In a prior post I alluded to the fact that the buzzword “Big Data” is just a new term for “data mining.” The potential for big data analytics to discover new things about us is frightening from a privacy perspective, as I discussed. But, it can also be—let’s be honest—very cool.
For example, this Google Ngram—based on the texts of millions of books—charts the shifting usages of the phrase “the United States is” versus “the United States are.” The scientist Stephen Wolfram created a lot of buzz with a blog about how he crunched over 20 years of his own e-mail traffic and other data to reveal patterns in his daily activities.

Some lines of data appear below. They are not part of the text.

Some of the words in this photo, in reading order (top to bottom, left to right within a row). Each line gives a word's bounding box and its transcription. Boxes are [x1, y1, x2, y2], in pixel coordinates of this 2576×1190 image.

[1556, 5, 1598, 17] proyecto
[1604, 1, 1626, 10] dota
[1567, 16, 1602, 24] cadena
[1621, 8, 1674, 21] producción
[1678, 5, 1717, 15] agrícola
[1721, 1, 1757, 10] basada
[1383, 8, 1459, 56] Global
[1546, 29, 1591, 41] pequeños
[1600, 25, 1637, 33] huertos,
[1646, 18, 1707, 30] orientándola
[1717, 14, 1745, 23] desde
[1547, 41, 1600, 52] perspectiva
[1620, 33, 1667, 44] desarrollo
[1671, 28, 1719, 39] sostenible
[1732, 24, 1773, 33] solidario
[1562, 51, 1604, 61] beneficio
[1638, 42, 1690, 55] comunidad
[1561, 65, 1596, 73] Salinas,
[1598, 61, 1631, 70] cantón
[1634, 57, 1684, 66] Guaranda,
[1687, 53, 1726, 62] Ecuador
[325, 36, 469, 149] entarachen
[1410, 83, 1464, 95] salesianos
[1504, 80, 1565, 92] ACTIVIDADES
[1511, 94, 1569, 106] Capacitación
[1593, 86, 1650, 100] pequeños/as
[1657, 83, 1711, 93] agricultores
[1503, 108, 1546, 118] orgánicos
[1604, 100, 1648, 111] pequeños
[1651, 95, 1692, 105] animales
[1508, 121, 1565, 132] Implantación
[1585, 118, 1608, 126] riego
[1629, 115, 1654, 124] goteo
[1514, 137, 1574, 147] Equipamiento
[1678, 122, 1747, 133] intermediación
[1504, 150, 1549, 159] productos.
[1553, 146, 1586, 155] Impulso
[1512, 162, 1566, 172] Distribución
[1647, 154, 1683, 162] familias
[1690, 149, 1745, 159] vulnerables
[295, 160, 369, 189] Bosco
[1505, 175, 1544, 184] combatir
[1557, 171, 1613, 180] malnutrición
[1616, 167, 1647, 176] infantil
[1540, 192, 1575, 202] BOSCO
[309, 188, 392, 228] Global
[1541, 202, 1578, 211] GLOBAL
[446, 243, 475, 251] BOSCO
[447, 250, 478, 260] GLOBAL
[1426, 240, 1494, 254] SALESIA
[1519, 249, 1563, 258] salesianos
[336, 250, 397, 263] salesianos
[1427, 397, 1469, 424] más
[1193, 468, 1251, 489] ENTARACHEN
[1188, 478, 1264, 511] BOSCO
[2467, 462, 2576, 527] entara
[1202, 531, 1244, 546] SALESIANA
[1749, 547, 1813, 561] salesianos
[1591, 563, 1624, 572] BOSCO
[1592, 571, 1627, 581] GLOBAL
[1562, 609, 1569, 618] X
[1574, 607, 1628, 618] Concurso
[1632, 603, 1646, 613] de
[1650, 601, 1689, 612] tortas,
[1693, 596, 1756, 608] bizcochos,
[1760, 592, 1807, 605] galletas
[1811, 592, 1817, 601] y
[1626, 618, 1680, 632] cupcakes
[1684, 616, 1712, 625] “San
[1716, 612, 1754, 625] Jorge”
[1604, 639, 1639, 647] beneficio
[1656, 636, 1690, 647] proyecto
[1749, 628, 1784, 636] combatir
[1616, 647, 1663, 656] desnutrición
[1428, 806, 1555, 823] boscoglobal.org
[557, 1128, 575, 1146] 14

Such examples and others like them are definitely nifty. Yet they are also a bit... empty. They don’t quite seem revolutionary. And in fact a number of commentators have raised the question about whether big data is a trendy topic du jour that is being seriously over-hyped. The question is whether big data is just a compelling idea that will turn out to have few truly transformative applications—an intellectual trend like that temporarily grips the imagination. (The fleeting fascination with “chaos theory” in the 1990s comes to mind.)
Or, like the Aztecs using wheels but only for children’s toys, have we stumbled upon a great tool that we are only starting to figure out how to really, fully exploit?

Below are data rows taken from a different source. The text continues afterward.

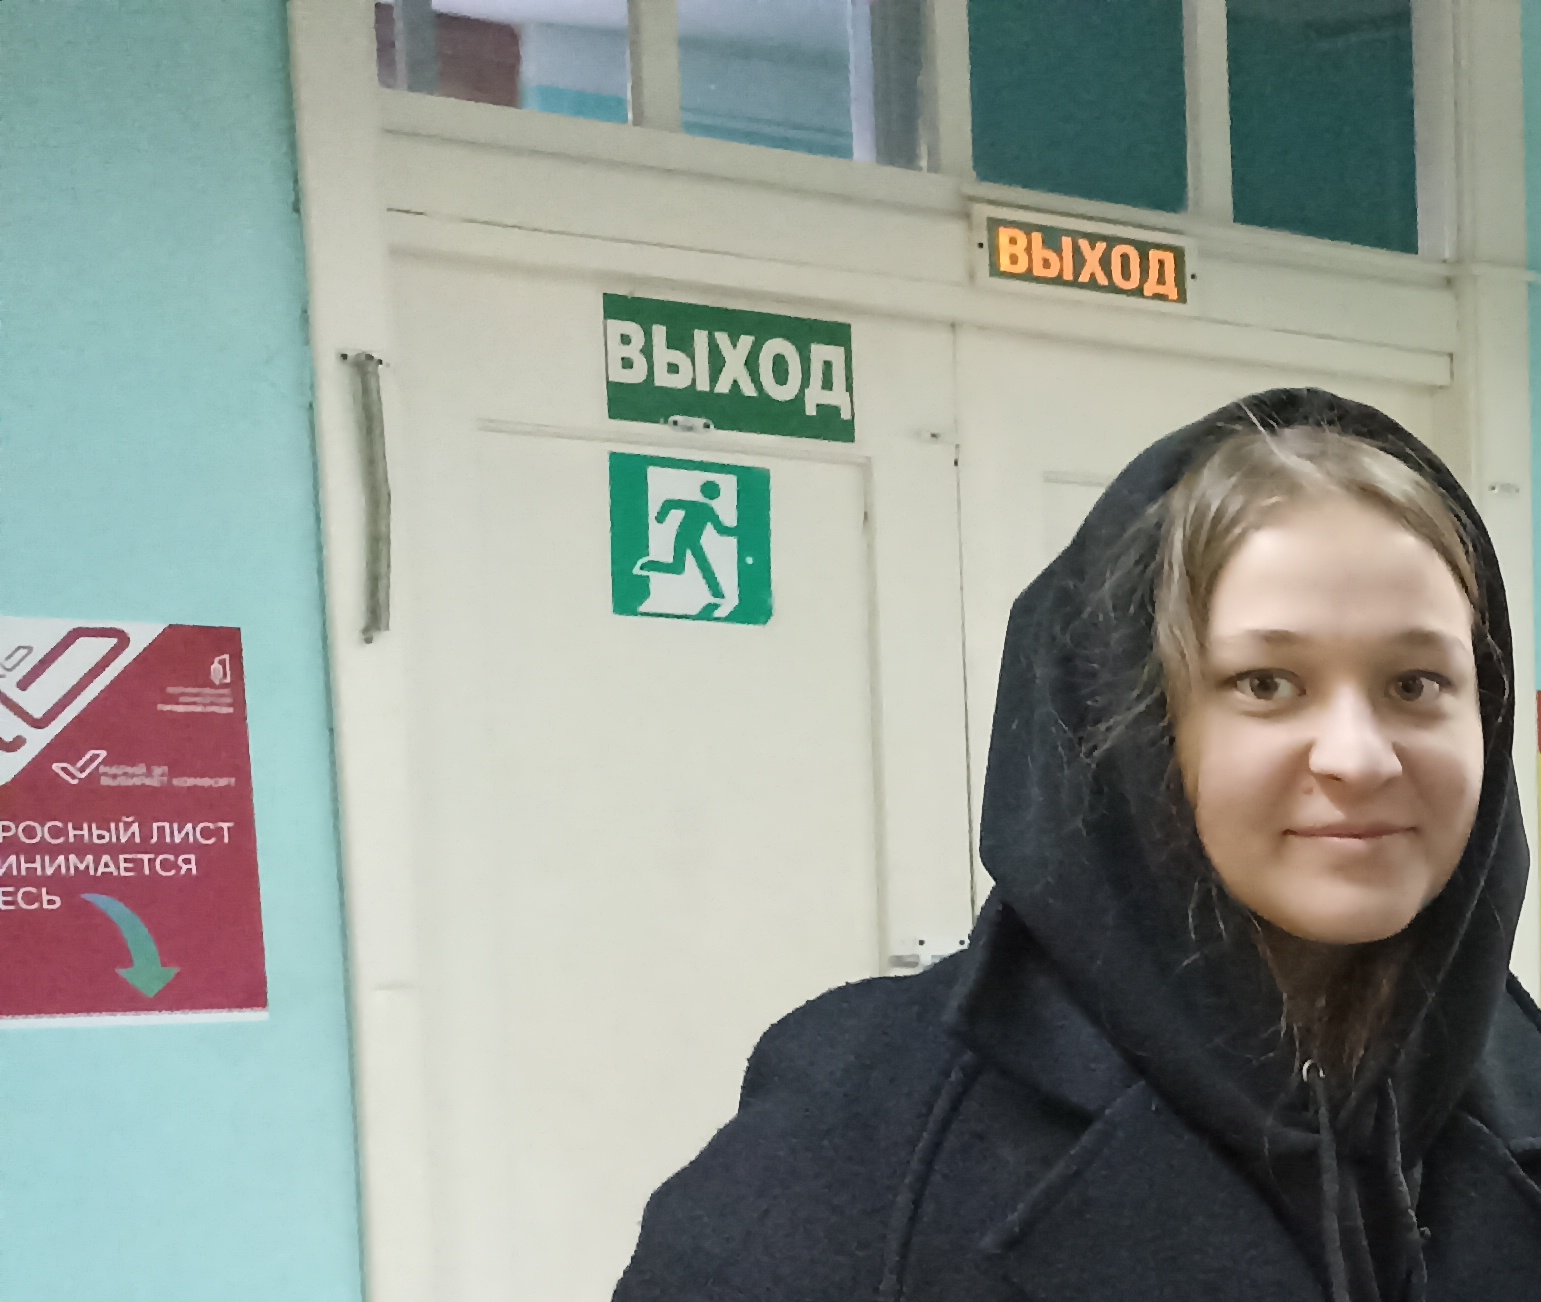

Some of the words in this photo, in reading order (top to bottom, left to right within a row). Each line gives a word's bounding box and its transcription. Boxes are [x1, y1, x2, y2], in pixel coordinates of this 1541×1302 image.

[998, 226, 1178, 300] ВЫХОД
[606, 318, 852, 420] ВЫХОД
[0, 816, 141, 844] РОСНЫЙ
[150, 822, 235, 844] ЛИСТ
[0, 887, 62, 910] ЕСЬ

Ultimately we can’t know yet. But I recently came across this passage which is very relevant to this question. It’s the great anthropologist Clifford Geertz paraphrasing the philosopher Susanne Langer; Geertz is talking about a concept in anthropology, but I suspect this pretty much captures the status of Big Data as well:
In her book, Philosophy in a New Key, Susanne Langer remarks that certain ideas burst upon the intellectual landscape with a tremendous force. They resolve so many fundamental problems at once that they seem also to promise that they will resolve all fundamental problems, clarify all obscure issues. Everyone snaps them up as the open sesame of some new positive science, the conceptual center-point around which a comprehensive system of analysis can be built. The sudden vogue of such a grande ideé, crowding out almost everything else for a while, is due, she says, “to the fact that all sensitive and active minds turn at once to exploiting it. We try it in every connection, for every purpose, experiment with possible stretches of its strict meaning, with generalizations and derivatives.”

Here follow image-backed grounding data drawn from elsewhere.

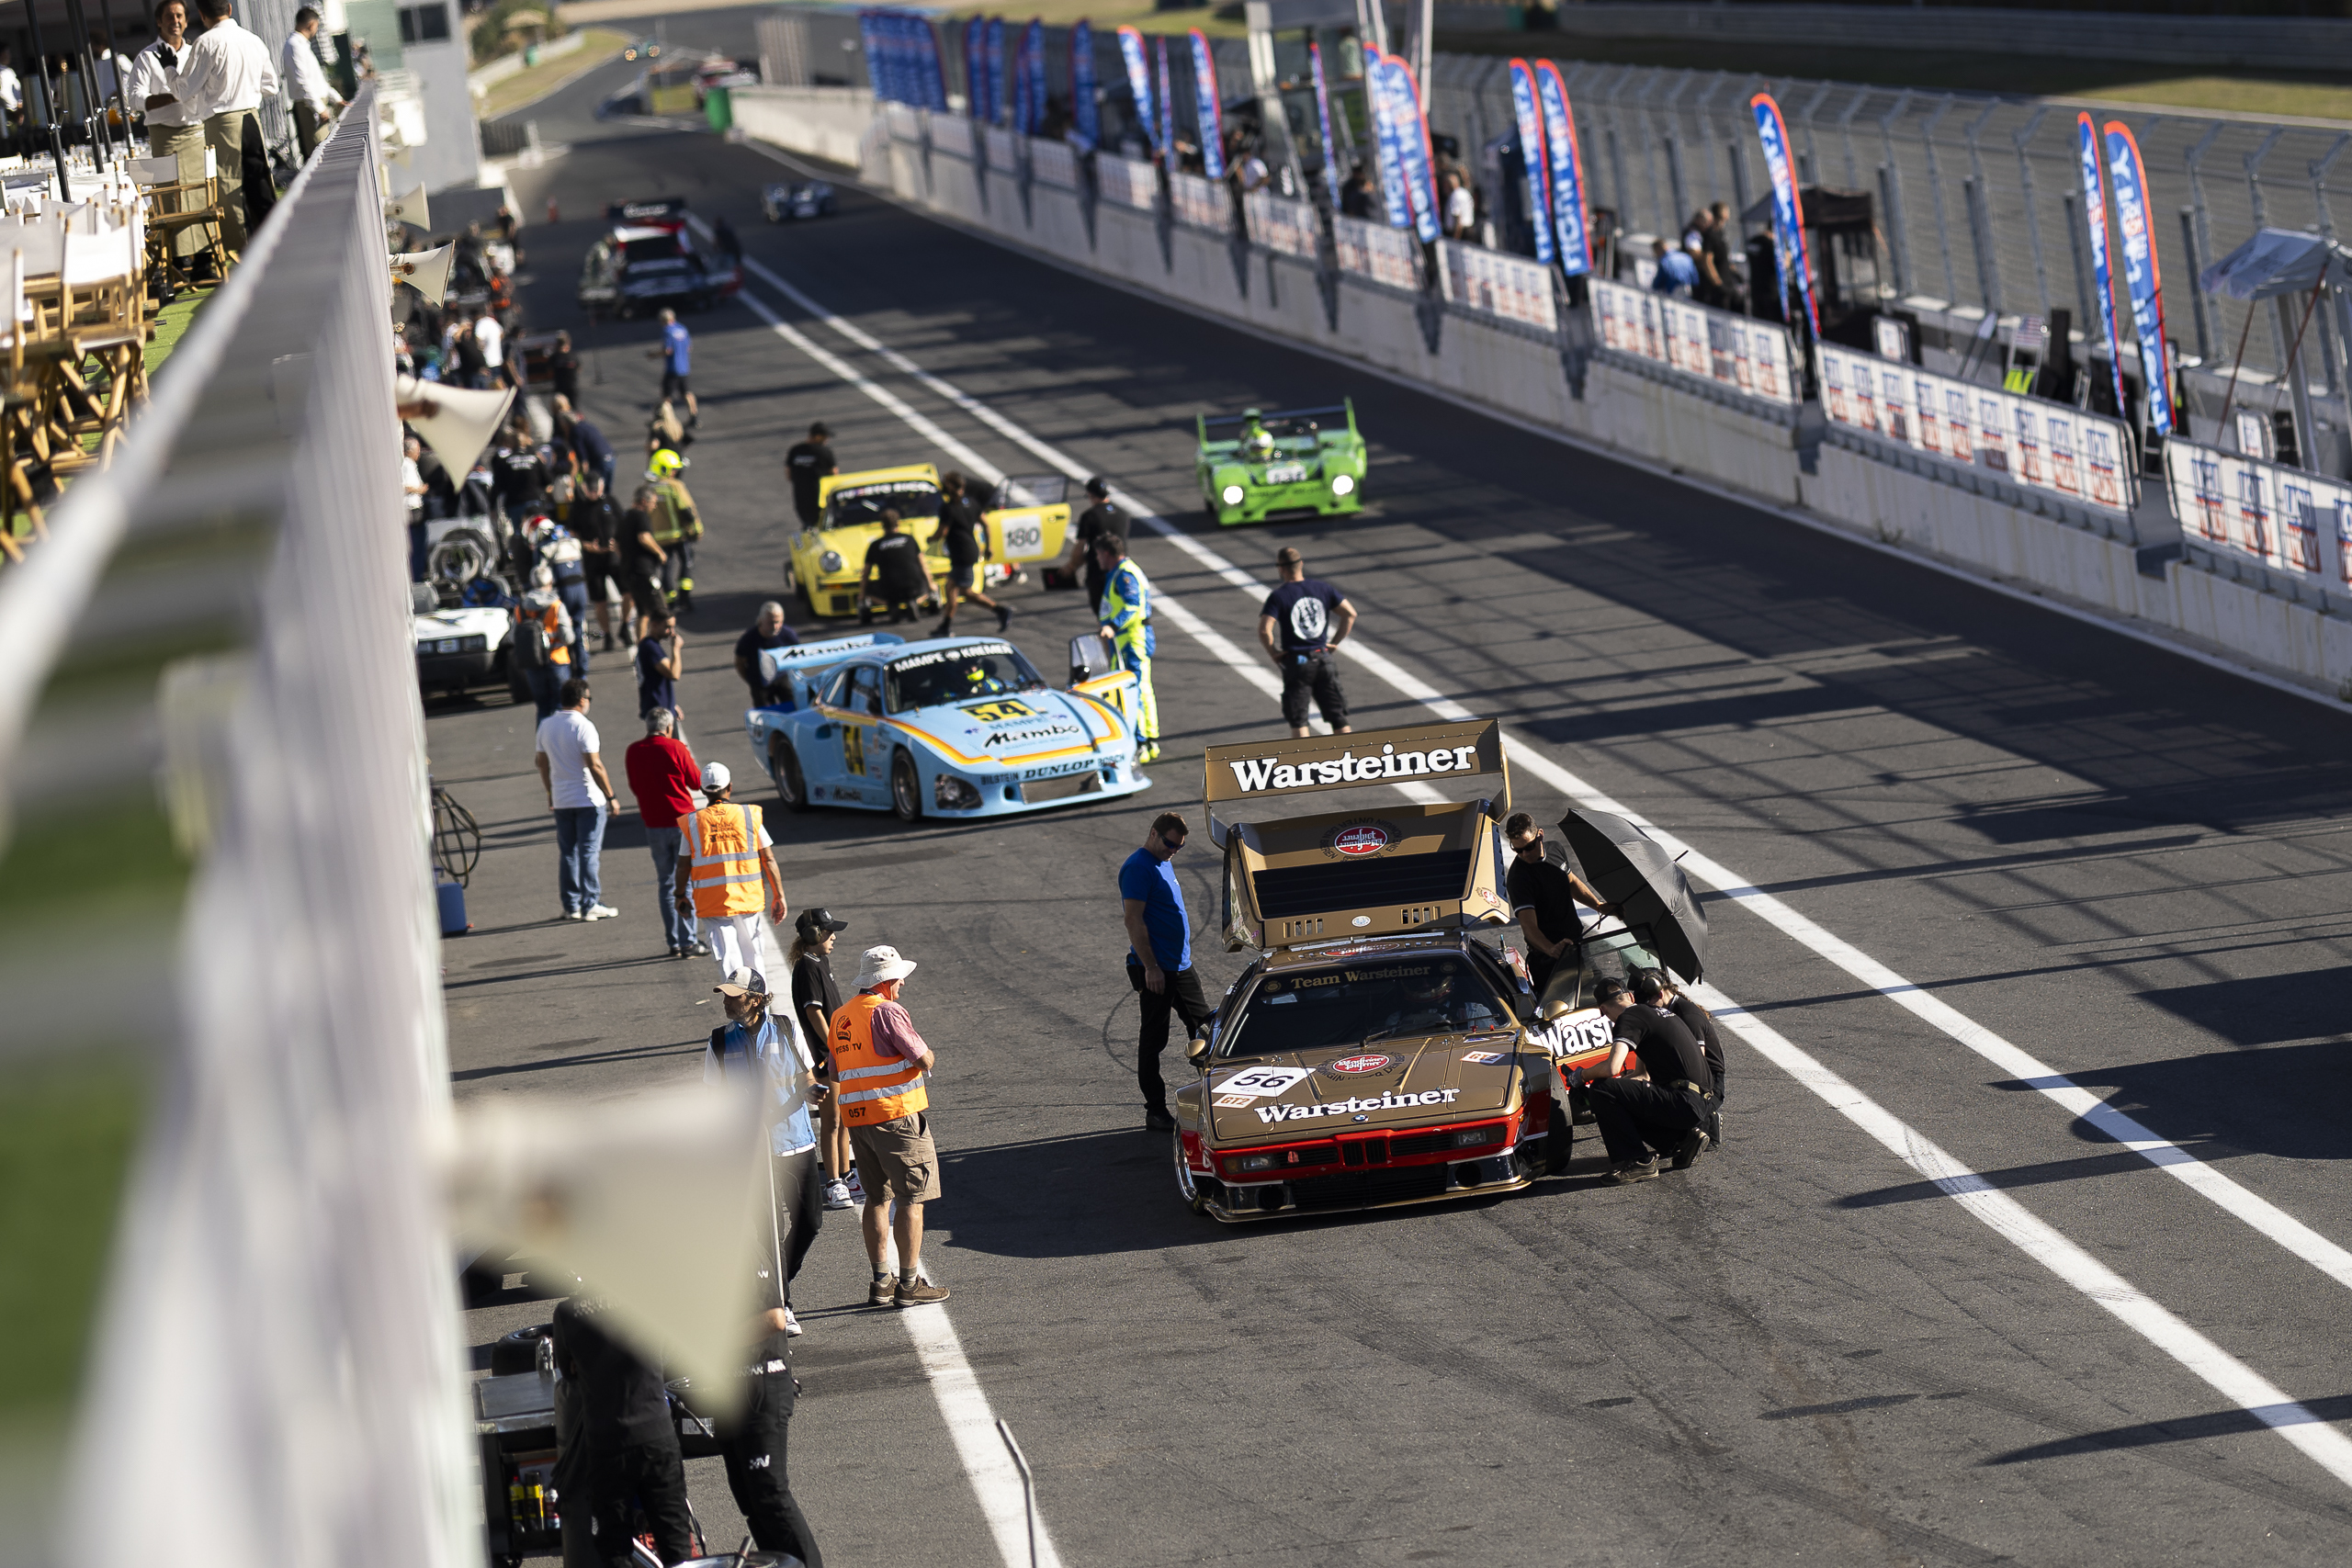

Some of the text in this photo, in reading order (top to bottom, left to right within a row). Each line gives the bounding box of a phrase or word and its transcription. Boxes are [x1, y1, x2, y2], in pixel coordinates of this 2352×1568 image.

[1005, 526, 1041, 548] 180
[894, 642, 1014, 672] MAMPE KREMER
[965, 703, 1030, 722] 54
[984, 725, 1080, 749] Mambo
[1023, 759, 1094, 779] DUNLOP
[1229, 743, 1476, 793] Warsteiner
[980, 771, 1020, 786] BILSTEIN
[1291, 965, 1430, 989] Team Warsteiner
[852, 1043, 863, 1051] TV
[1234, 1073, 1295, 1089] 56
[1220, 1097, 1250, 1106] GT2
[1253, 1088, 1462, 1124] Warsteiner
[848, 1107, 866, 1119] 057

After we have become familiar with the new idea, however, after it has become part of our general stock of theoretical concepts, our expectations are brought more into balance with its actual uses, and its excessive popularity is ended. A few zealots persist in the old key-to-the-universe view of it; but less driven thinkers settle down after a while to the problems the idea has really generated. They try to apply it and extend it where it applies and where it is capable of extension; and they desist where it does not apply or cannot be extended. It becomes, if it was, in truth, a seminal idea in the first place, a permanent and enduring part of our intellectual armory. But it no longer has the grandiose, all-promising scope, the infinite versatility of apparent application, it once had. The second law of thermodynamics, or the principle of natural selection, or the notion of unconscious motivation, or the organization of the means of production does not explain everything, not even everything human, but it still explains something; and our attention shifts to isolating just what that something is, to disentangling ourselves from a lot of pseudoscience to which, in the first flush of its celebrity, it has also given rise.
We’ve certainly seen attempts to over-use the neat-o concepts of data mining in recent years—such as the embrace by parts of our security establishment of Total Information Awareness and related notions that pattern-based data mining can be used to identify terrorists. Here’s looking forward to the day when “less driven thinkers” within those agencies “settle down” to a realistic view of what data mining can do.
Which is not to say that it can’t actually do a lot of things, good and bad—and that we don’t need better privacy protections.